[Material supplied — start]

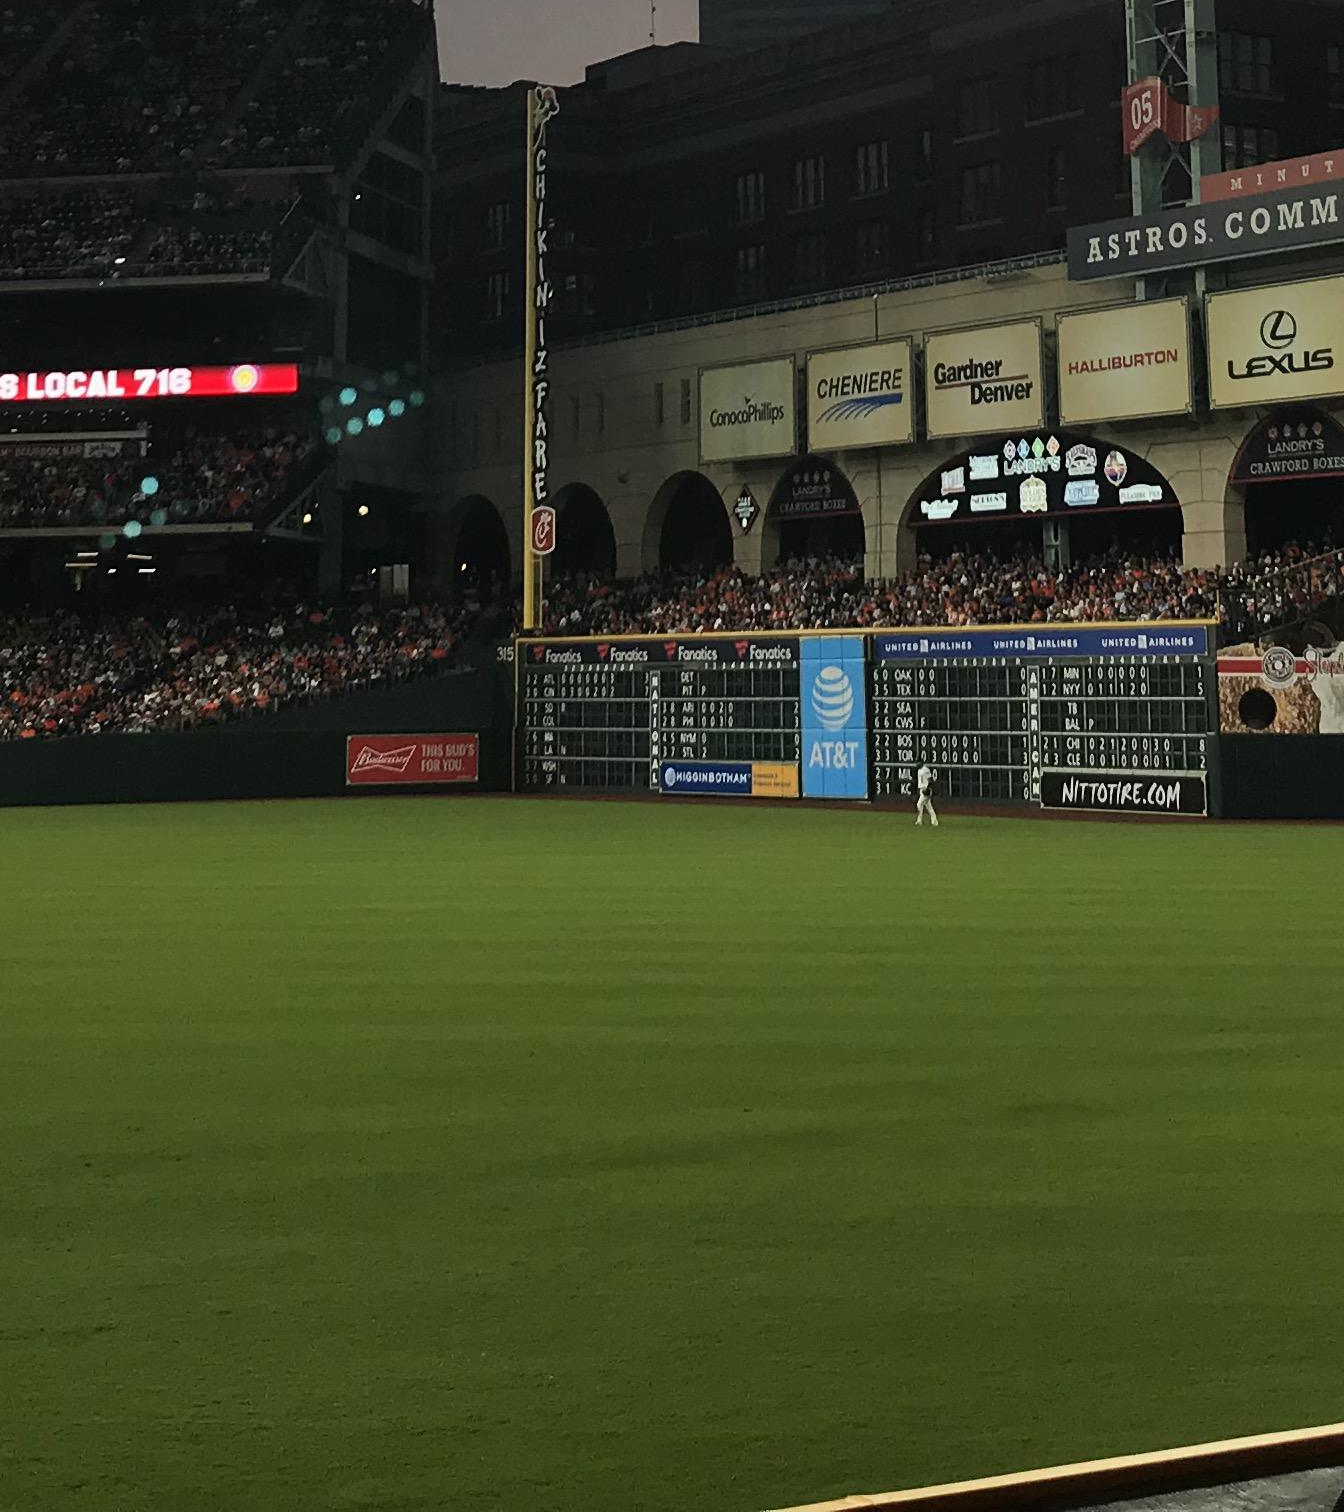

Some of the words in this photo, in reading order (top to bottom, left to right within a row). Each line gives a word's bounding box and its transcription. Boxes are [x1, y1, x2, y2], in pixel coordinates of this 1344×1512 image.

[1131, 90, 1153, 130] 05
[1068, 348, 1178, 375] HALLIBURTON
[1226, 348, 1335, 380] LEXUS
[934, 358, 1003, 385] Gardner
[26, 370, 125, 399] LOCAL
[133, 367, 192, 396] 716
[817, 368, 903, 399] CHENIERE
[970, 380, 1033, 405] Denver
[710, 400, 784, 428] ConocoPhillips
[535, 382, 547, 501] FARE
[1267, 438, 1325, 454] LANDRY'S
[1003, 455, 1061, 476] LANDRY'S
[1250, 458, 1309, 475] CRAWFORD
[885, 642, 918, 652] UNITED
[930, 641, 972, 650] AIRLINES
[994, 640, 1025, 649] UNITED
[1037, 639, 1078, 648] AIRLINES
[1102, 638, 1136, 647] UNITED
[1149, 637, 1194, 646] AIRLINES
[497, 646, 514, 662] 315
[545, 649, 581, 663] Fanatics
[610, 647, 648, 662] Fanatics
[678, 645, 717, 661] Fanatics
[750, 645, 791, 660] Fanatics
[894, 669, 912, 680] OAK
[896, 684, 912, 695] TEX
[1063, 683, 1080, 695] NYY
[896, 702, 912, 714] SEA
[1067, 702, 1078, 714] TB
[651, 676, 659, 784] NATIONAL
[1065, 718, 1080, 731] BAL
[897, 734, 913, 747] BOS
[1030, 671, 1039, 795] AMERICAN
[421, 744, 443, 758] THIS
[1066, 738, 1080, 750] CHI
[357, 751, 409, 766] Budweiser
[809, 741, 859, 769] AT&T
[1066, 753, 1081, 766] CLE
[421, 759, 441, 772] FOR
[676, 771, 748, 784] HIGGINBOTHAM
[900, 783, 912, 795] KC
[1062, 776, 1181, 810] NITTOTIRE.COM

[Material supplied — finish]

## [Problem to solve]
Search the data above for the string "AIRLINES" and report each line that holds it.

## [Written solution]
[930, 641, 972, 650] AIRLINES
[1037, 639, 1078, 648] AIRLINES
[1149, 637, 1194, 646] AIRLINES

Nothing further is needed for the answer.